There’s something compelling about murder in a rural setting. Statistically, these are the safest areas to live in and yet we read so much that takes place in what appear to be law-abiding places. Sometimes you just need to suspend your disbelief. Other times, the writer does good job at showing what happens behind closed doors. Eric Rickstad’s The Silent Girls is one such book.
In the small US town of Canaan, Vermont young girls have been disappearing. Private detective Frank Rath is hired to look for the latest missing girl, Mandy, whose mother is convinced she hasn’t just simply run away. The case has disturbing echoes for Frank who is bringing up his niece, Rachel, after the brutal murder of her parents years earlier. Now their killer is up for parole and Frank, absorbed in the hunt for the missing girls, also attempts to prevent the freeing of an earlier murderer.
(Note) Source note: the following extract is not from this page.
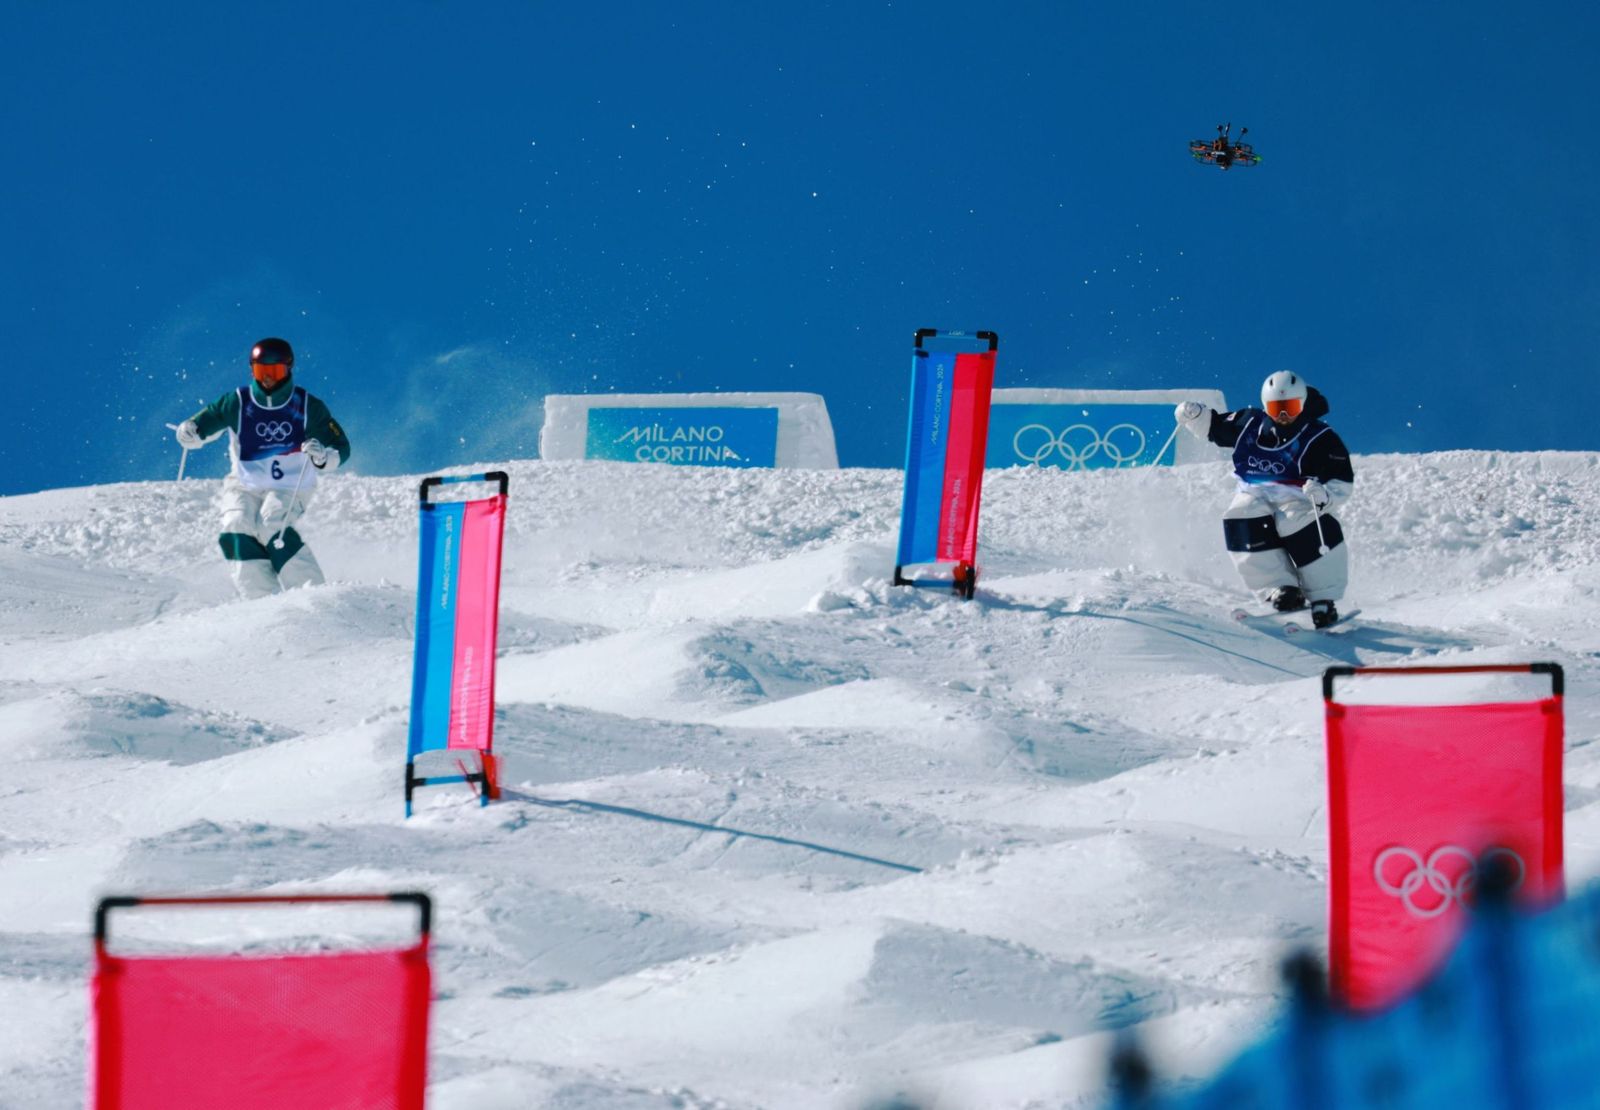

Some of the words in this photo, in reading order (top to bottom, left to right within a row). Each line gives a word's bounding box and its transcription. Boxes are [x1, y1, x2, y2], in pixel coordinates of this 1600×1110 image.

[614, 425, 724, 443] MILANO
[635, 445, 742, 463] CORTINA
[271, 460, 284, 481] 6
Eric Rickstad is a very good writer which elevates this book above the average mystery. He manages to convey the isolation and brutality of elements of this seemingly peaceful country town. It’s a difficult trick to pull off the role of a private detective in modern times where police investigations are tightly controlled. He manages it by adding the personal element of Rath’s family history. The detective comes acres as both protective and vengeful on behalf of the girls he is trying to find.
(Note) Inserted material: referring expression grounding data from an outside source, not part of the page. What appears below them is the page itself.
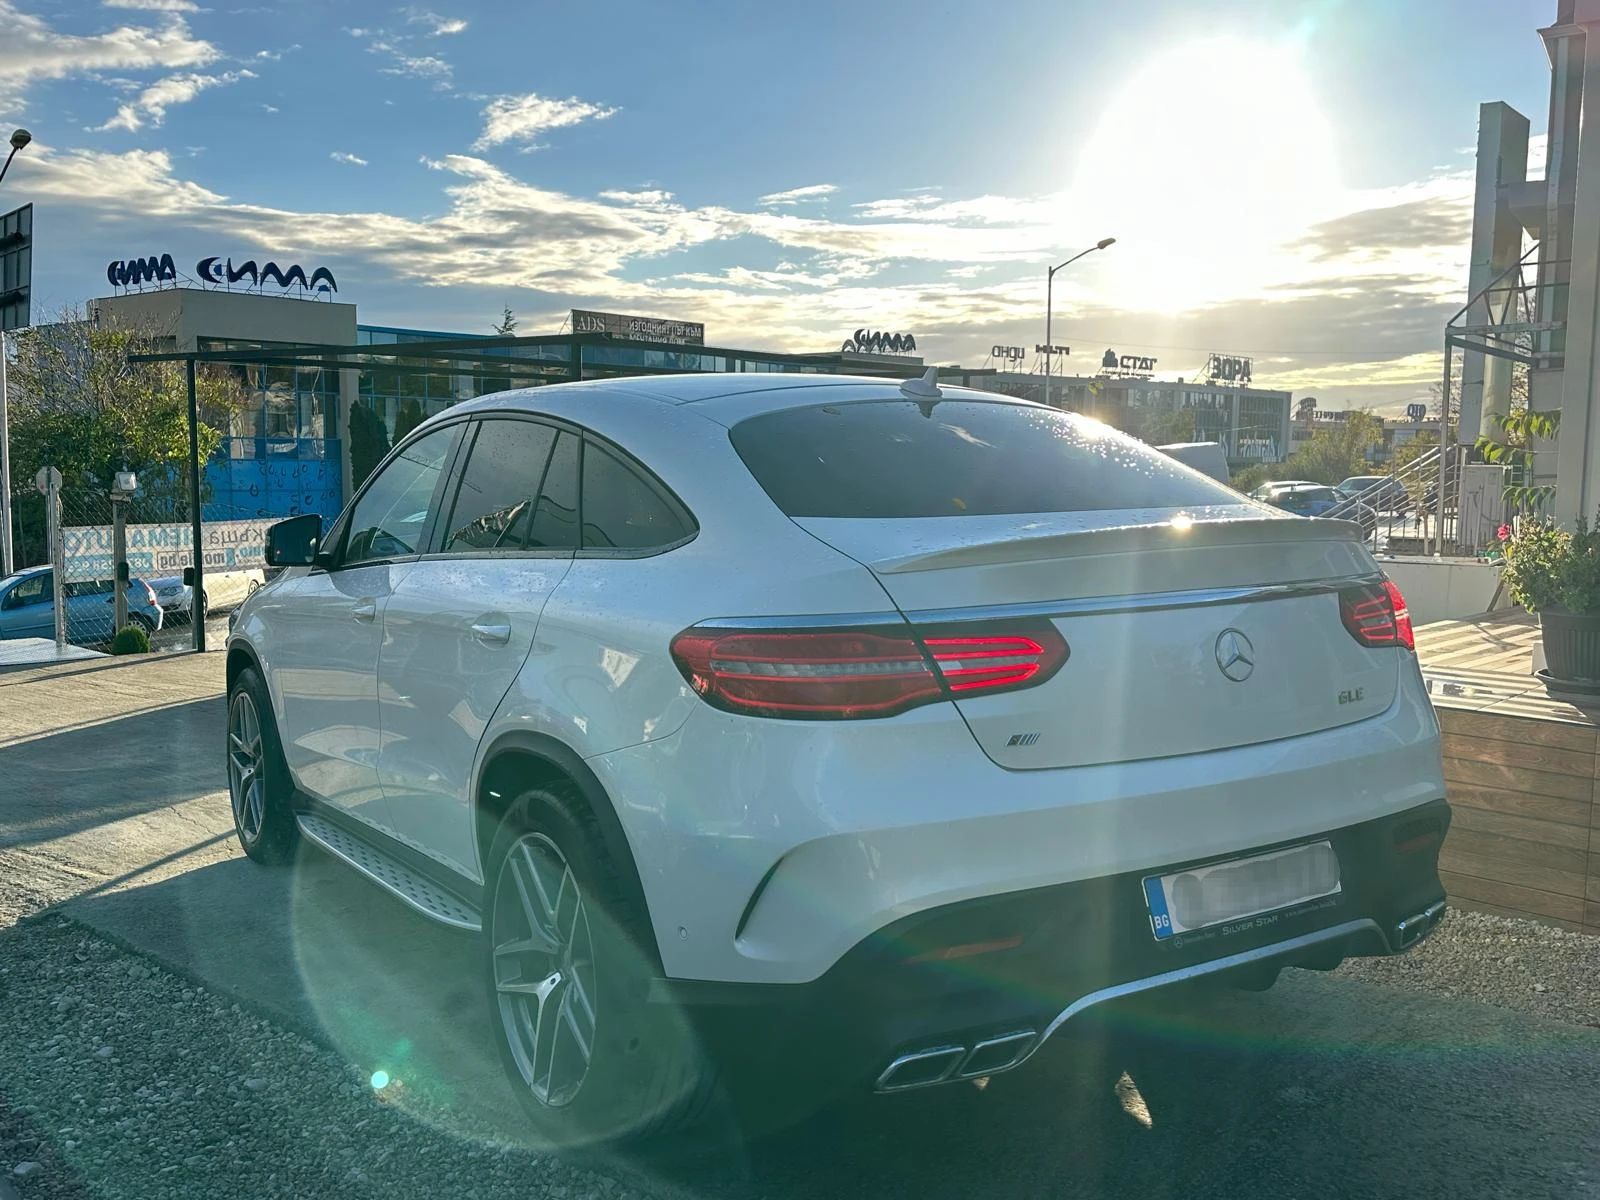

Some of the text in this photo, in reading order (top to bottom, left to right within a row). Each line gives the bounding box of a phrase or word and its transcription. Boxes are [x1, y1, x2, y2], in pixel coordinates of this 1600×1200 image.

[577, 316, 605, 332] ADS
[629, 321, 670, 335] ИЗГОДНИЯТ
[685, 326, 702, 338] КЪМ
[1211, 356, 1252, 382] ЗОРА
[1338, 687, 1365, 705] GLE
[1154, 913, 1170, 930] BG
The ultimate subject is a difficult one to tackle especially, I would imagine, in the US. I’ll leave it for readers to discover what it is as to say here would reveal too much of the plot. But he has my admiration for addressing it within a crime novel.
The Silent Girls will appeal to crime fiction readers who like a well constructed mystery that doesn’t shy away from addressing a complicated subject. Highly recommended.